My wife is working on a project making maps in one of her classes. Her class is split up into teams of 5 people, and everyone in a team is working on their own project making a map. When working on a project, each member in a team of 5 people must ask another member in the team for feedback on their project.

Question: If everyone in a team of 5 randomly asks another member in their team for help, then what is the probability that everyone in the team is asked to review someone else's project?

For example, one outcome is that the other four team members might ask my wife to review their projects, and she would ask someone to review her project. This would be two people reviewing others' projects. Stating the original question a different way, what is the probability that there are five project reviewers in my wife's team?

11/256?
I labeled the people A through E and calculated 256 possible combinations based on the assumption that B reviews A (assuming that is one "orbit" and that other possibilites where someone else reviews A would be parallel and so aren't worth calculating individually).

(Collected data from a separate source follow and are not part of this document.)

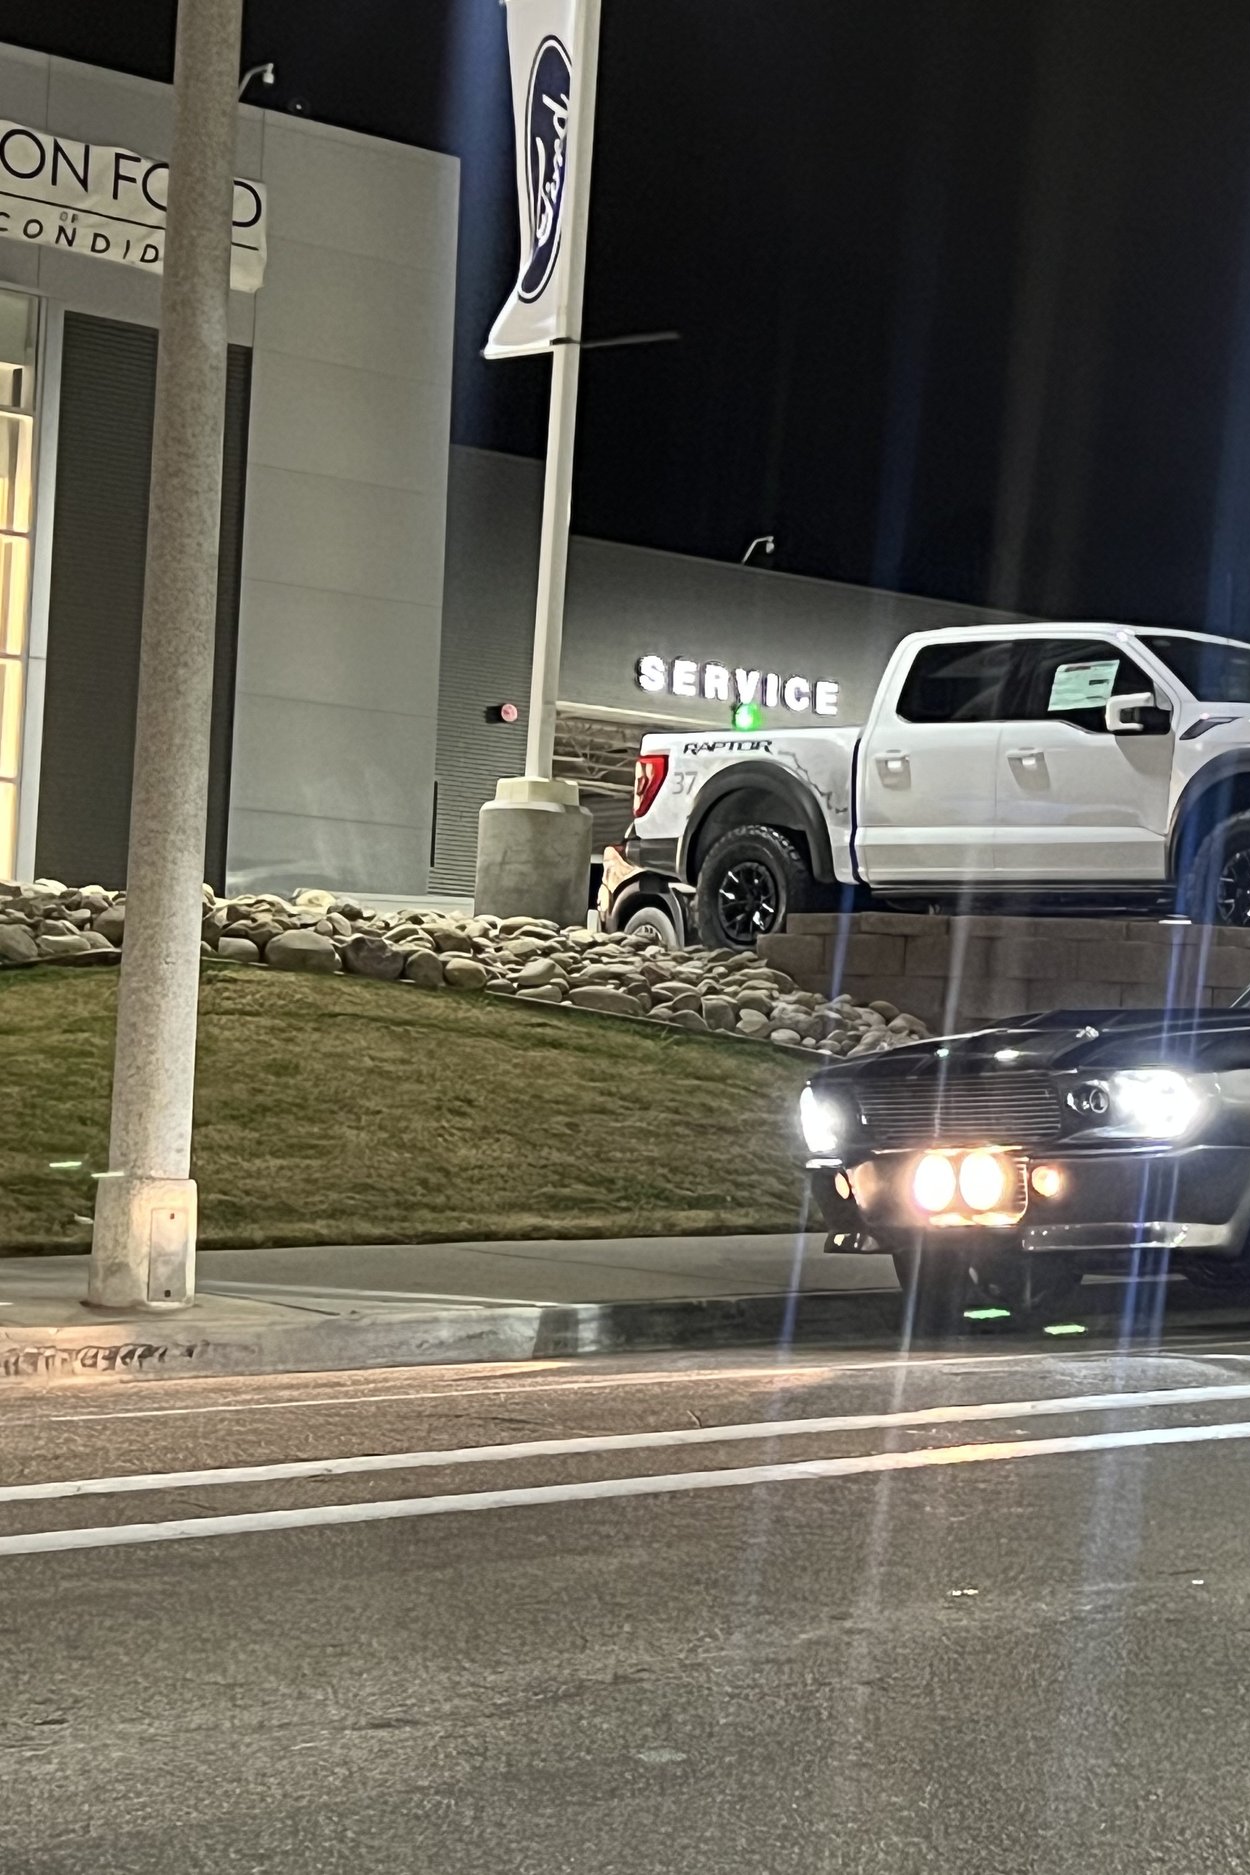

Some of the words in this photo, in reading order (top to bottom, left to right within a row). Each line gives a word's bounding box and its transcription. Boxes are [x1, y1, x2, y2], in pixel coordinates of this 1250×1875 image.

[112, 152, 262, 228] FOD
[535, 92, 569, 248] Ford
[635, 654, 840, 716] SERVICE
[683, 739, 773, 755] RAPTOR
[673, 771, 698, 795] 37

If two pairs of people review the person who reviewed them, then not everyone has been a reviewer, so I first paired each group of people up and found there were 6 combinations where one pair reviewed each other, and then another 6 where no one reviewed the person who reviewed them. Is this right?

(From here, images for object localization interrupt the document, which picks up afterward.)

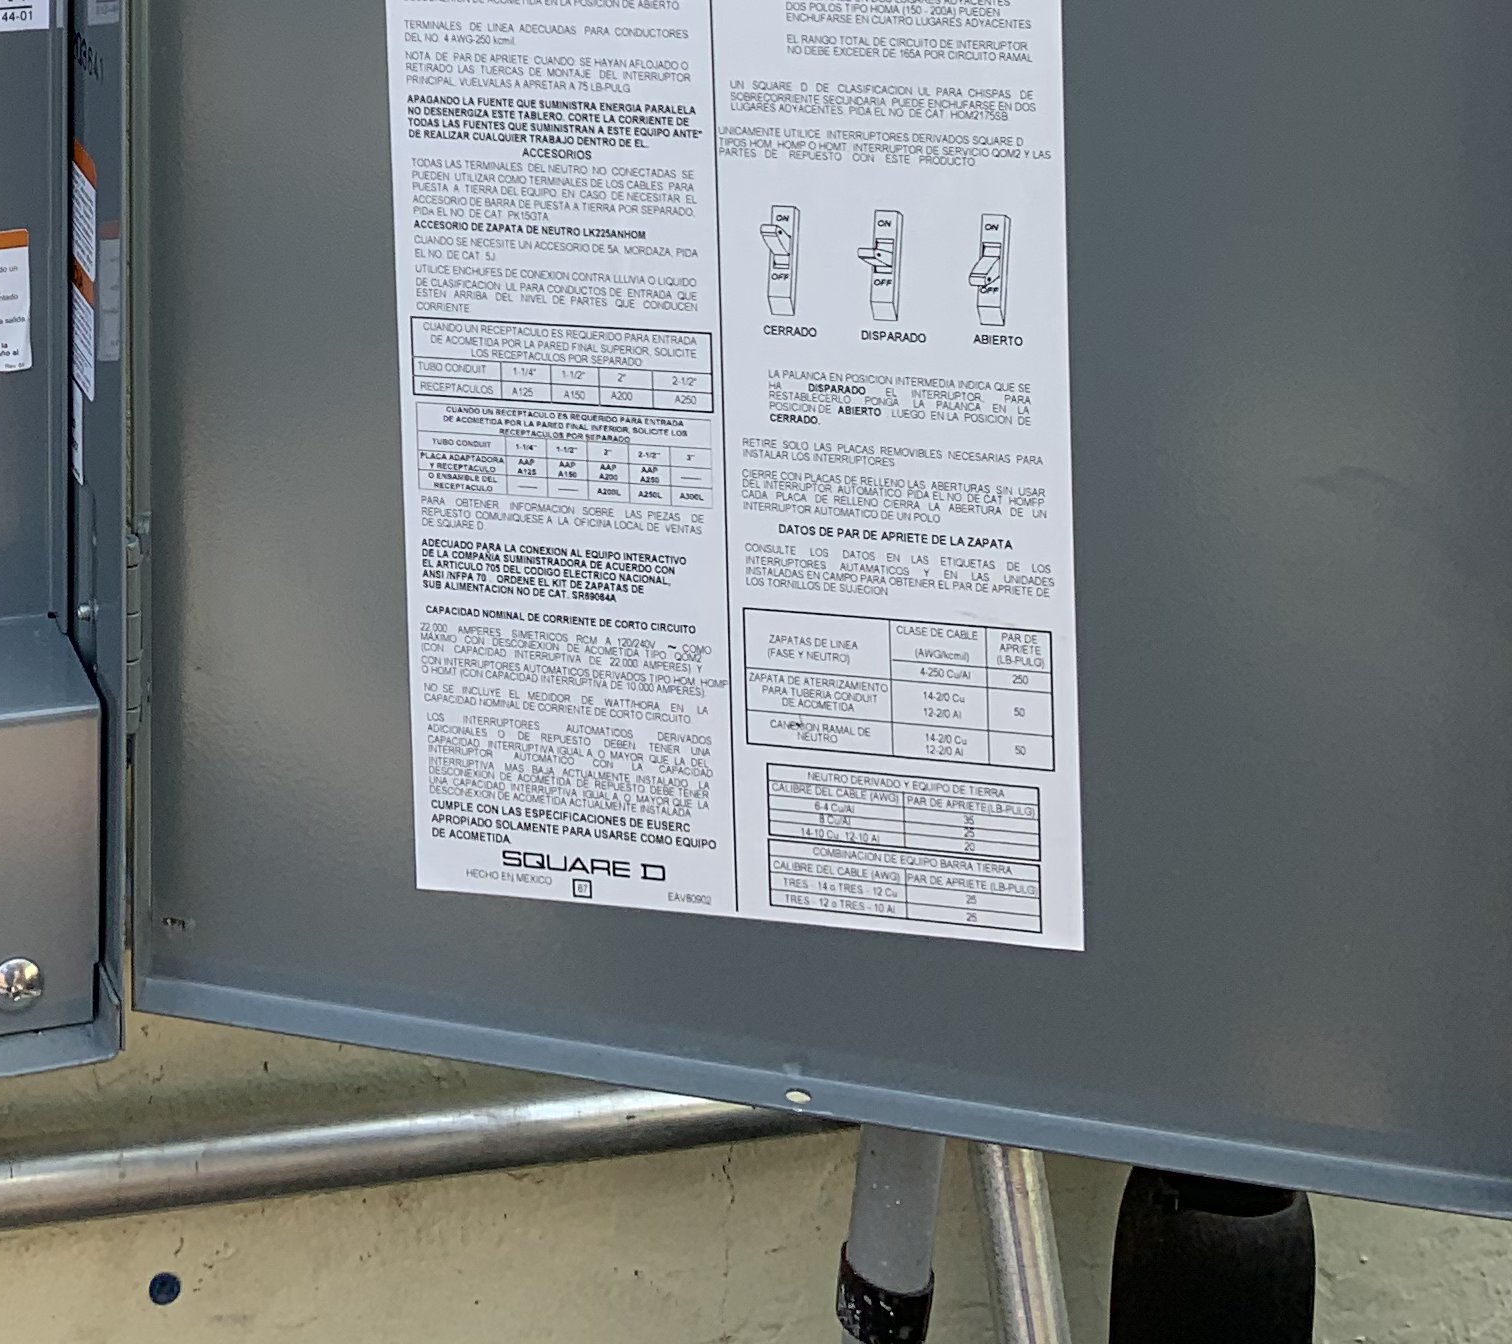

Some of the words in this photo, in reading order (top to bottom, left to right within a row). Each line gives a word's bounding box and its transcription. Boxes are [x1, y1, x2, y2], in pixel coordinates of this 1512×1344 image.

[763, 324, 818, 338] CERRADO
[861, 329, 927, 343] DISPARADO
[973, 334, 1024, 347] ABIERTO
[778, 523, 816, 536] DATOS
[818, 526, 834, 538] DE
[836, 527, 860, 539] PAR
[862, 529, 878, 541] DE
[880, 531, 929, 545] APRIETE
[931, 534, 947, 546] DE
[949, 535, 965, 547] LA
[967, 536, 1013, 550] ZAPATA
[502, 849, 631, 879] SQUARE
[640, 863, 666, 882] D
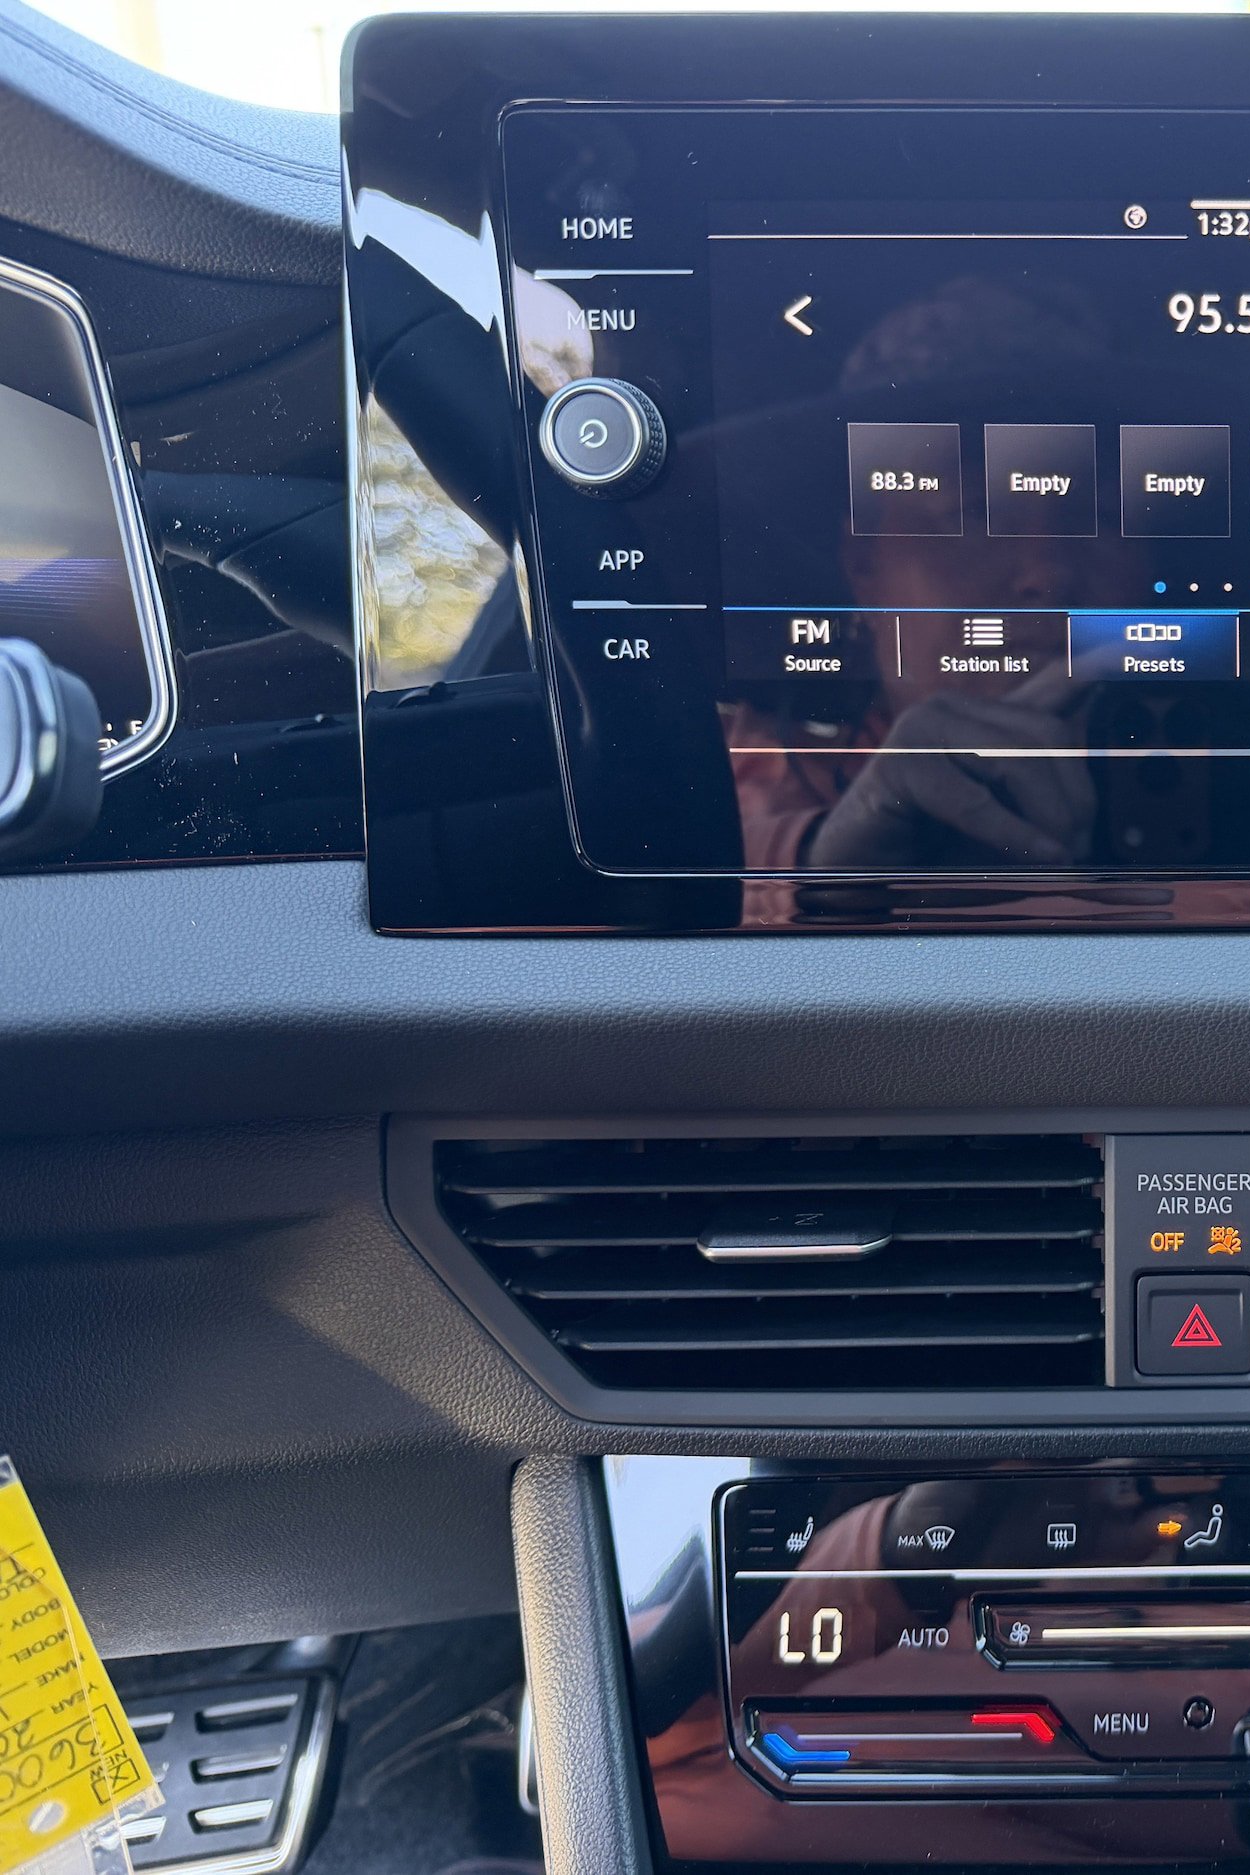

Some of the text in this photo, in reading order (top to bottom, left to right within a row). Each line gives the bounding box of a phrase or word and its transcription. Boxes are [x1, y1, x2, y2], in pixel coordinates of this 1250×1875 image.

[562, 217, 634, 240] HOME
[567, 309, 636, 331] MENU
[871, 471, 939, 491] 88.3 FM
[1010, 472, 1071, 496] Empty
[1145, 473, 1205, 496] Empty
[599, 549, 645, 571] APP
[791, 619, 830, 644] FM
[603, 638, 651, 660] CAR
[784, 654, 842, 672] Source
[940, 655, 1030, 673] Station list
[1124, 656, 1186, 672] Presets
[1157, 1196, 1233, 1214] AIR BAG
[1150, 1232, 1185, 1252] OFF
[897, 1535, 924, 1547] MAX
[11, 1598, 60, 1631] BODY
[779, 1607, 843, 1663] LO
[897, 1627, 949, 1648] AUTO
[50, 1682, 98, 1714] YEAR
[1093, 1712, 1149, 1733] MENU
[90, 1749, 127, 1781] NEW

Oh, and in response to your response about the mean versus the mode, I vaguely remember that from AP Statistics... The thing about that class is that I never actually learned anything, I just zoned the teacher out and used the example problems in the textbook to figure out how to do my homework and then it was fresh enough in my memory that I could figure out how to make stuff work on test day, but as far as applying stuff from way back then to a random problem now, there's no hope.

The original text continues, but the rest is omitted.